Moving On Down

A relatively short post this week – stop cheering back there – because I’m still embroiled in an MS-related requirement. Nice word isn’t it? Embroiled. And somehow, rather appropriate.

They say that moving is somewhat stressful – akin to being held responsible for the annihilation of an entire race – or to be less hyperbolic, the extermination of  a large proportion of one. And I can see why.

It’s not even as if the address here is changing – I’m just moving from dual-floor living to a downstairs existence – but it’s stressful nevertheless. I woke this morning to howling muscles, a missing toenail and blood-encrusted pinkie finger. Not exactly unusual for an MS victim and in the weirdest sense possible I was rather pleased that the roots were not relevant to the condition for once.

Broadly speaking, the move has entailed moving lots of things from various points upstairs to chaotic points downstairs, and vice versa – all with stairs occupying the middle ground. Given that my increasing difficulty with a staircase is one of the key prompts behind the move in the first pace, you might begin to understand how the stress-ometer’s needle has spent a lot of the last 48 hours bent almost double.

Not that there hasn’t been a few minutes here and there to pore through the detritus of the move and locate a few little – very little – gems that it has brought to light. Not all of you will appreciate the near-irony of the find, but the Death of Rats is now sitting proudly at the end of my new shelving down here in the living-come-bedroom-come-workroom. Given that he’s accompanied by Death himself, Death on Binky and Gaspode, a few of you might understand the poignancy of his re-discovery.With the emphasis on ‘disc’, of course.

I’ve even located some stories I wrote many years ago when life was so much easier. There’s one ratty school exercise book with the title ‘The Alley Kids’ which I penned when my age was still in single digits. And judging by the handwriting, when my ability to use a pen was with a single digit.

On the less fun side, I even hung a new door yesterday – probably my least favourite DIY task in all existence. But mostly it has been physical shifting of items from one room to another – and that’s where the truth behind MS comes into play. You need to plan ahead because physical tiredness will take its toll sooner or later – dependent on the level of the illness. You know that at some point the legs (if you’re fortunate enough to have any mobility left) will give way and you will be reduced to a quite literal crawl. I will try very hard to remember that when I next put up shelves and leave setting out my book collection on them to when I lose my leg-motive ability. Believe it or not I actually forgot that even standing, let alone lifting and setting things on shelves, would prove impossible… There’s always tomorrow of course – always assuming a wardrobe doesn’t fall on me.

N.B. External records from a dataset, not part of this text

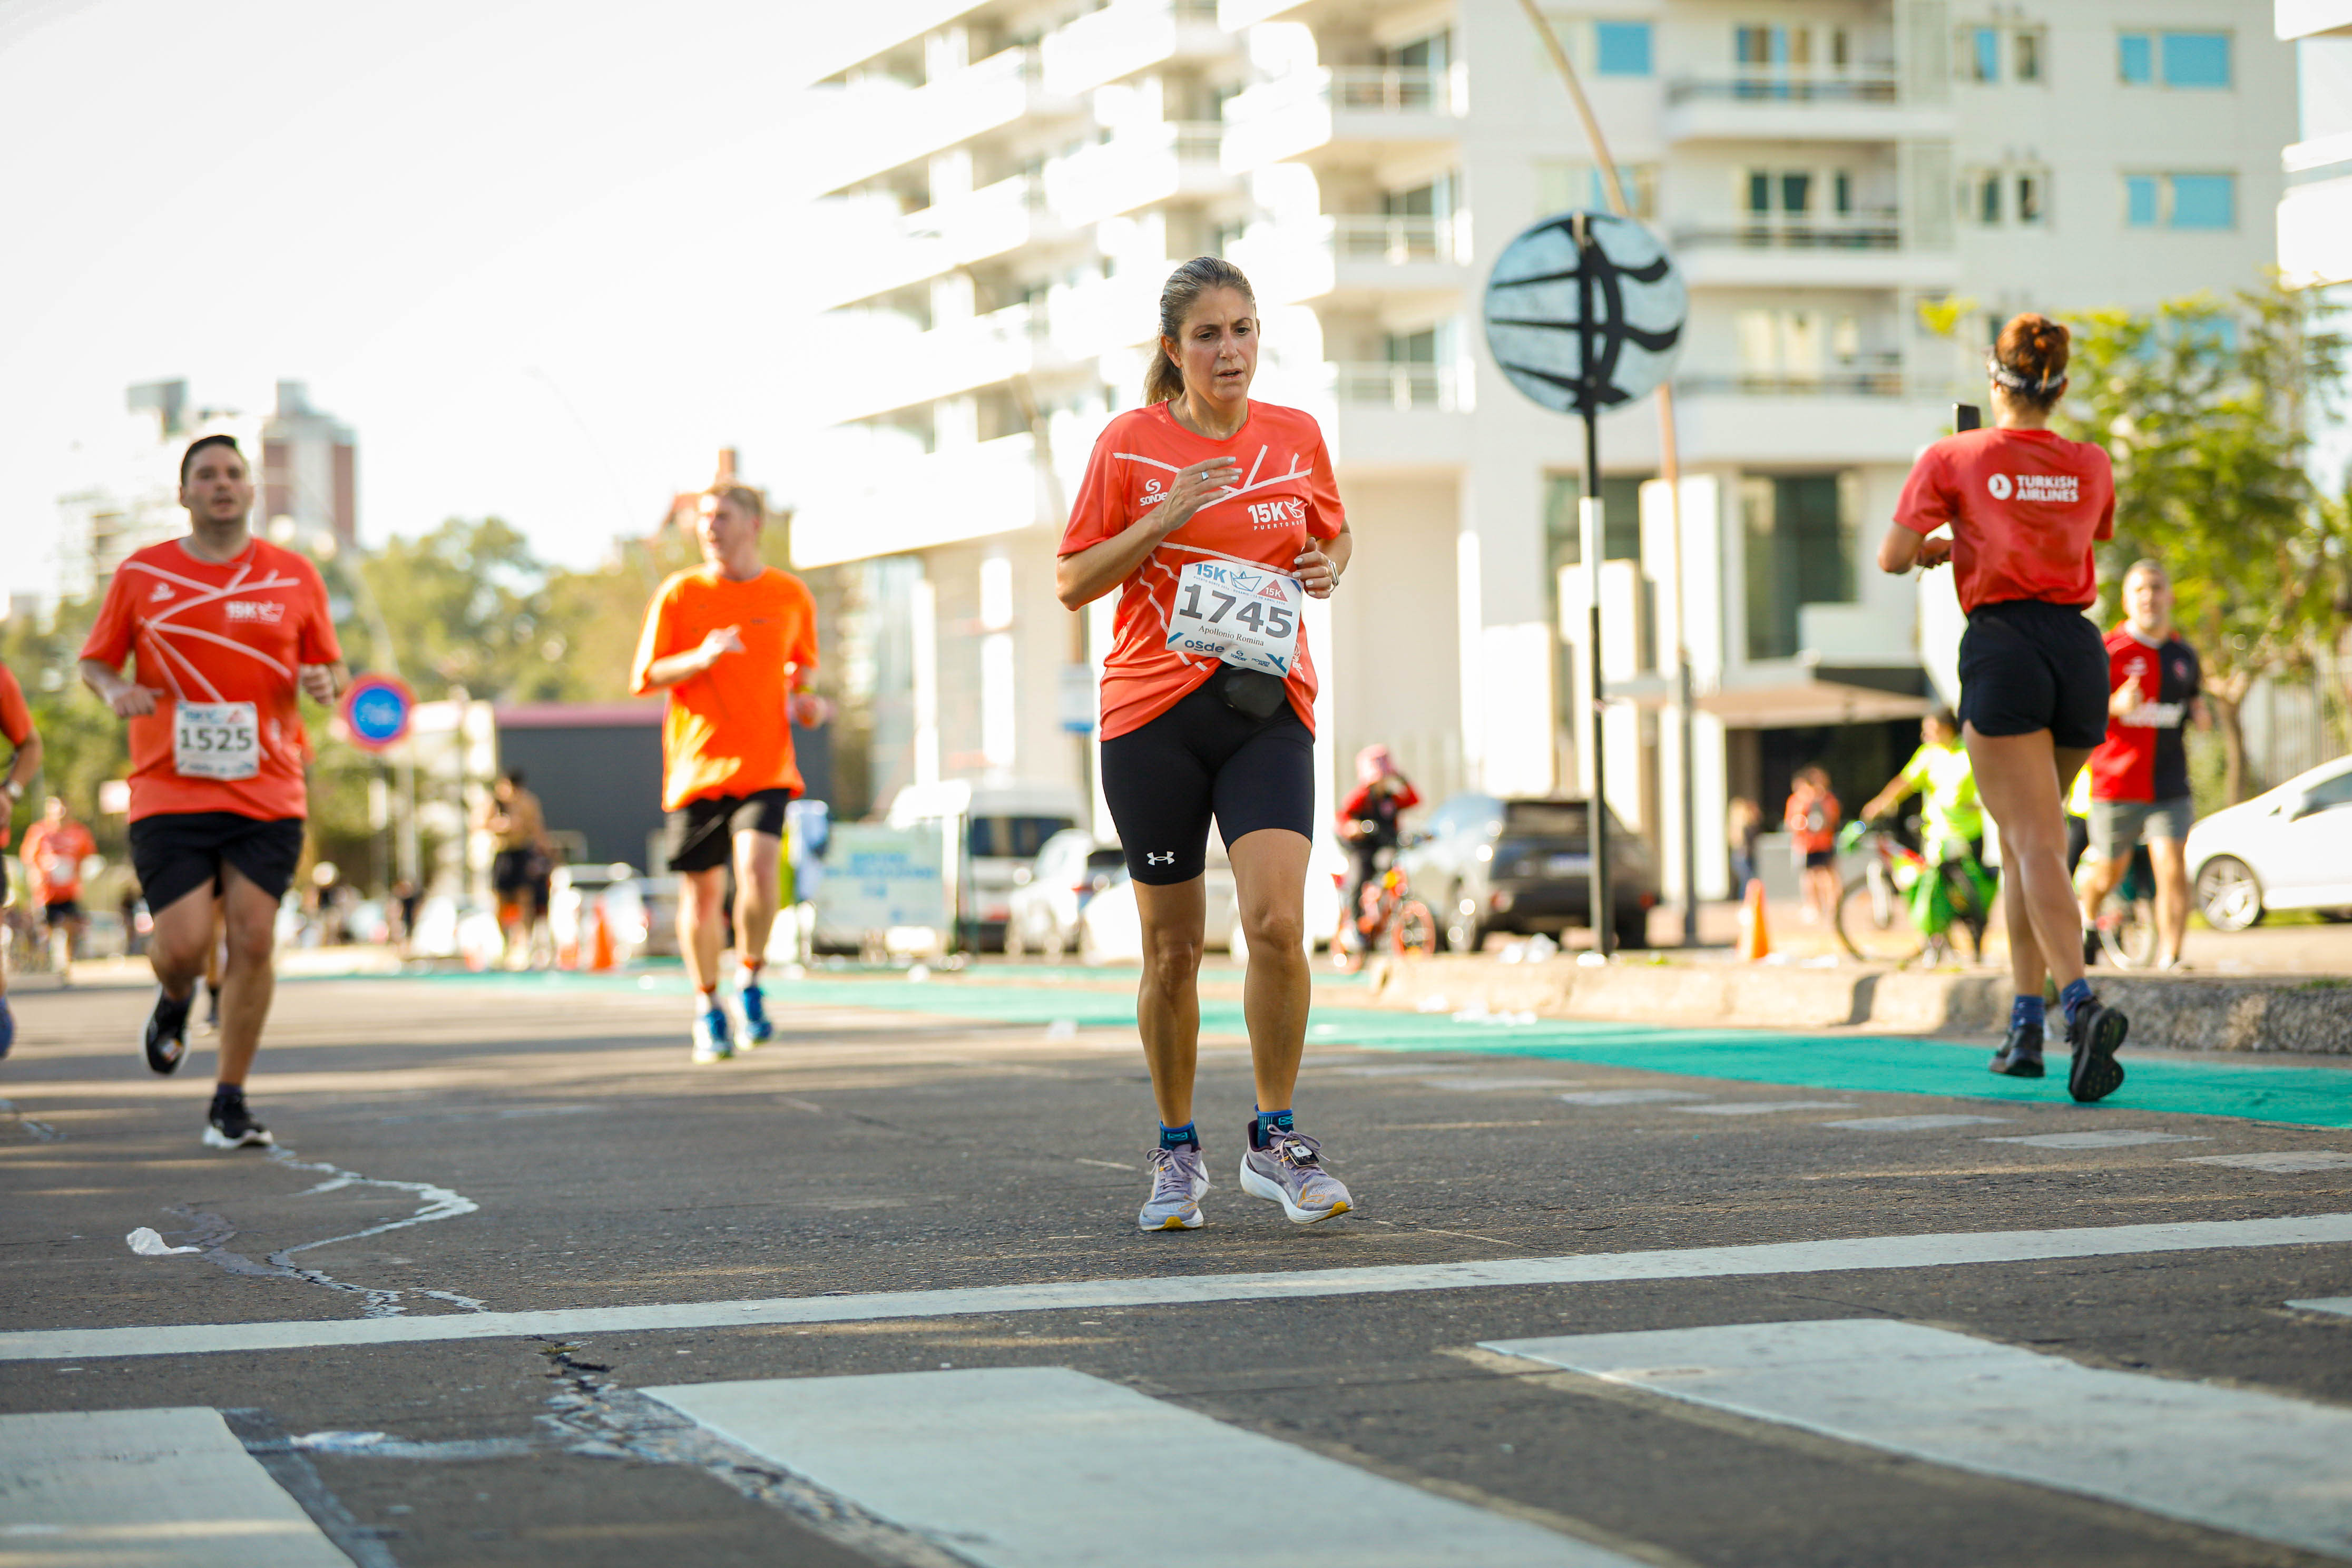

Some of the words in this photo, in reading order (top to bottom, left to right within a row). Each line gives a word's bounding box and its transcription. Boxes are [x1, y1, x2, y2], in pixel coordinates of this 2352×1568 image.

[2015, 475, 2079, 489] TURKISH
[2015, 488, 2079, 502] AIRLINES
[1247, 502, 1288, 524] 15K
[1253, 522, 1289, 531] PUERTO
[1195, 563, 1227, 583] 15K
[1265, 587, 1282, 598] 15K
[1179, 583, 1293, 639] 1745
[1198, 625, 1234, 640] Apollonio
[1236, 633, 1265, 646] Romina
[181, 728, 252, 751] 1525

Oh well, we live and learn (mainly learn new swear words in that instance).

At least most of the nasty stuff has been done now (including re-rooming two wardrobes that weigh approximately the same as a small family cat – always assuming you’re mega-rich and everyone in your household drives either a Rolls Royce or a Churchill tank).

I’ve been writing this whilst sitting at my little desk (in its new location, of course) and letting my legs recover sufficiently for one more attack at furnishing, fittings and other f-words (and believe me, the swear jar is overflowing – I’d probably be cursing even more if I hadn’t realised that needs shifting too at some point). So… I guess prevarication will get me nowhere and there’s a shelf that needs liberating from its fixings… and apparently a table that needs re-assembling… and a rug that needs rolling up… oh, and moving from where it is to where it was,,, and a cupboard needs to have a new door hinge fitted… and… and where’s the f*”!ing swear jar gone?